Start of Block
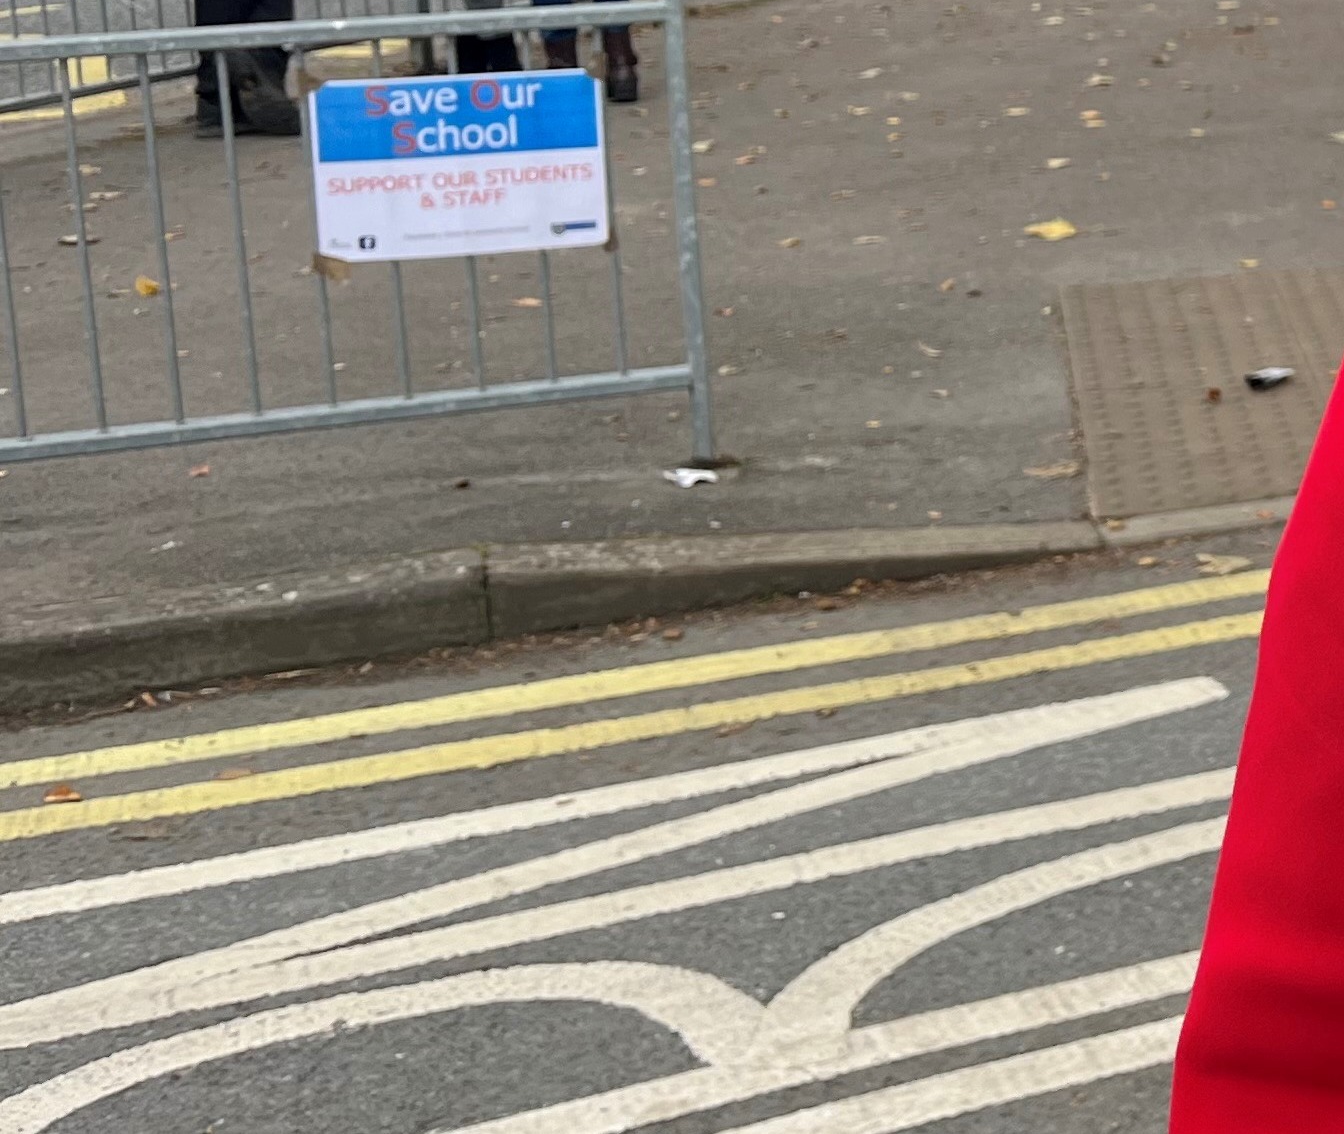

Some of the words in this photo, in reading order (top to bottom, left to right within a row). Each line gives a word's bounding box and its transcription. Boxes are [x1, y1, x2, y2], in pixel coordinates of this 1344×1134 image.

[365, 83, 458, 116] Save
[470, 79, 542, 111] Our
[392, 114, 519, 154] School
[327, 173, 423, 195] SUPPORT
[432, 170, 478, 190] OUR
[486, 163, 594, 183] STUDENTS
[420, 192, 435, 209] &
[442, 188, 508, 208] STAFF
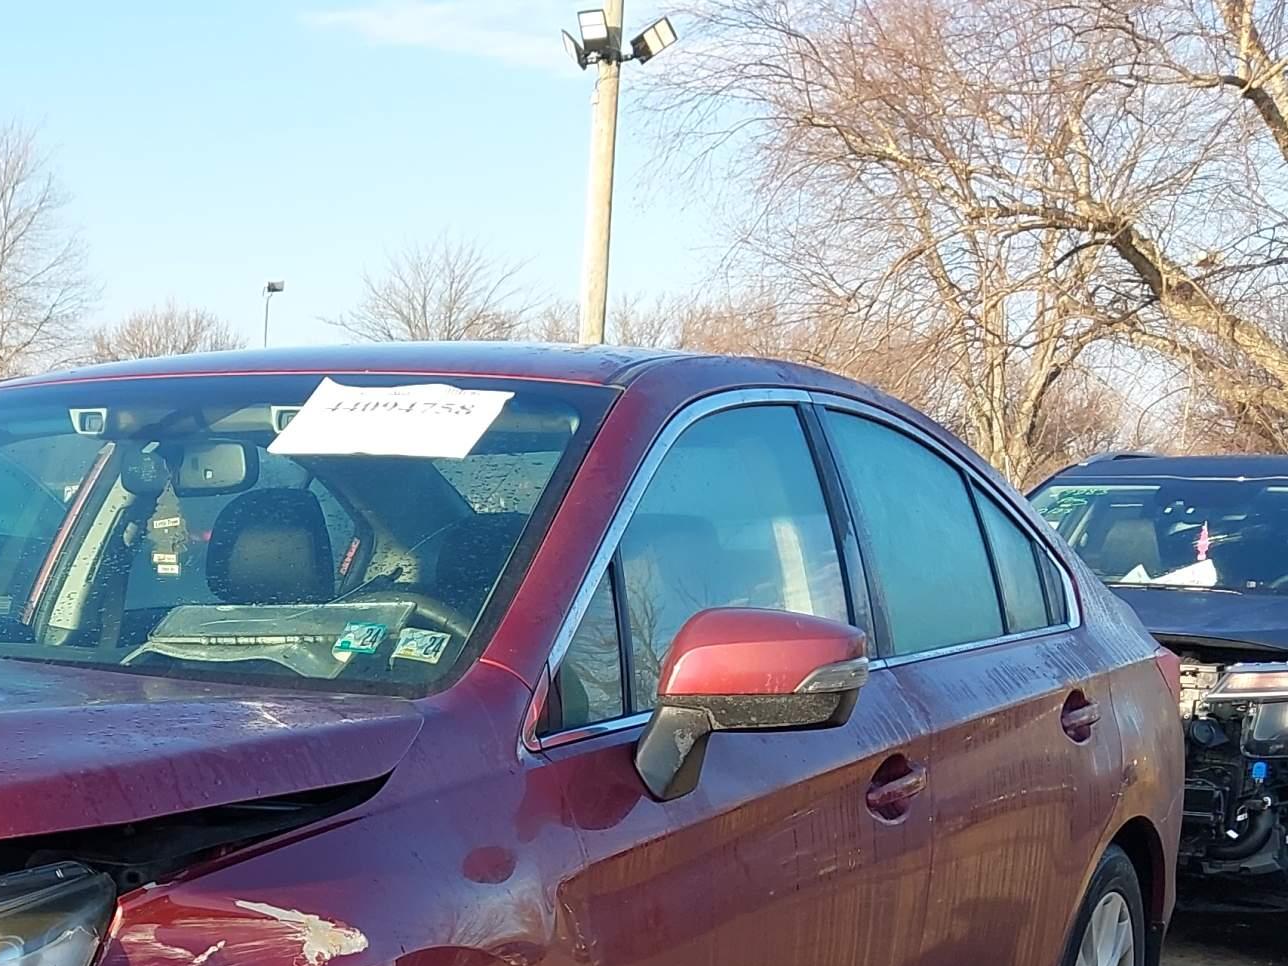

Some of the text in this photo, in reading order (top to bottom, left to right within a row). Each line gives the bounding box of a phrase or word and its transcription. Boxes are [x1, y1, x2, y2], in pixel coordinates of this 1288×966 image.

[325, 401, 476, 415] 44094758
[360, 628, 382, 647] 24
[422, 635, 445, 657] 24
End of Block
-- TASK REQUIREMENTS --
Reproduce every entry exactly; images stay out.

-- TASK RESULT --
Some of the words in this photo, in reading order (top to bottom, left to right within a row). Each line gives a word's bounding box and its transcription. Boxes are [x1, y1, x2, y2], in pixel coordinates of this 1344×1134 image.

[365, 83, 458, 116] Save
[470, 79, 542, 111] Our
[392, 114, 519, 154] School
[327, 173, 423, 195] SUPPORT
[432, 170, 478, 190] OUR
[486, 163, 594, 183] STUDENTS
[420, 192, 435, 209] &
[442, 188, 508, 208] STAFF

Some of the text in this photo, in reading order (top to bottom, left to right within a row). Each line gives the bounding box of a phrase or word and its transcription. Boxes are [x1, y1, x2, y2], in pixel coordinates of this 1288×966 image.

[325, 401, 476, 415] 44094758
[360, 628, 382, 647] 24
[422, 635, 445, 657] 24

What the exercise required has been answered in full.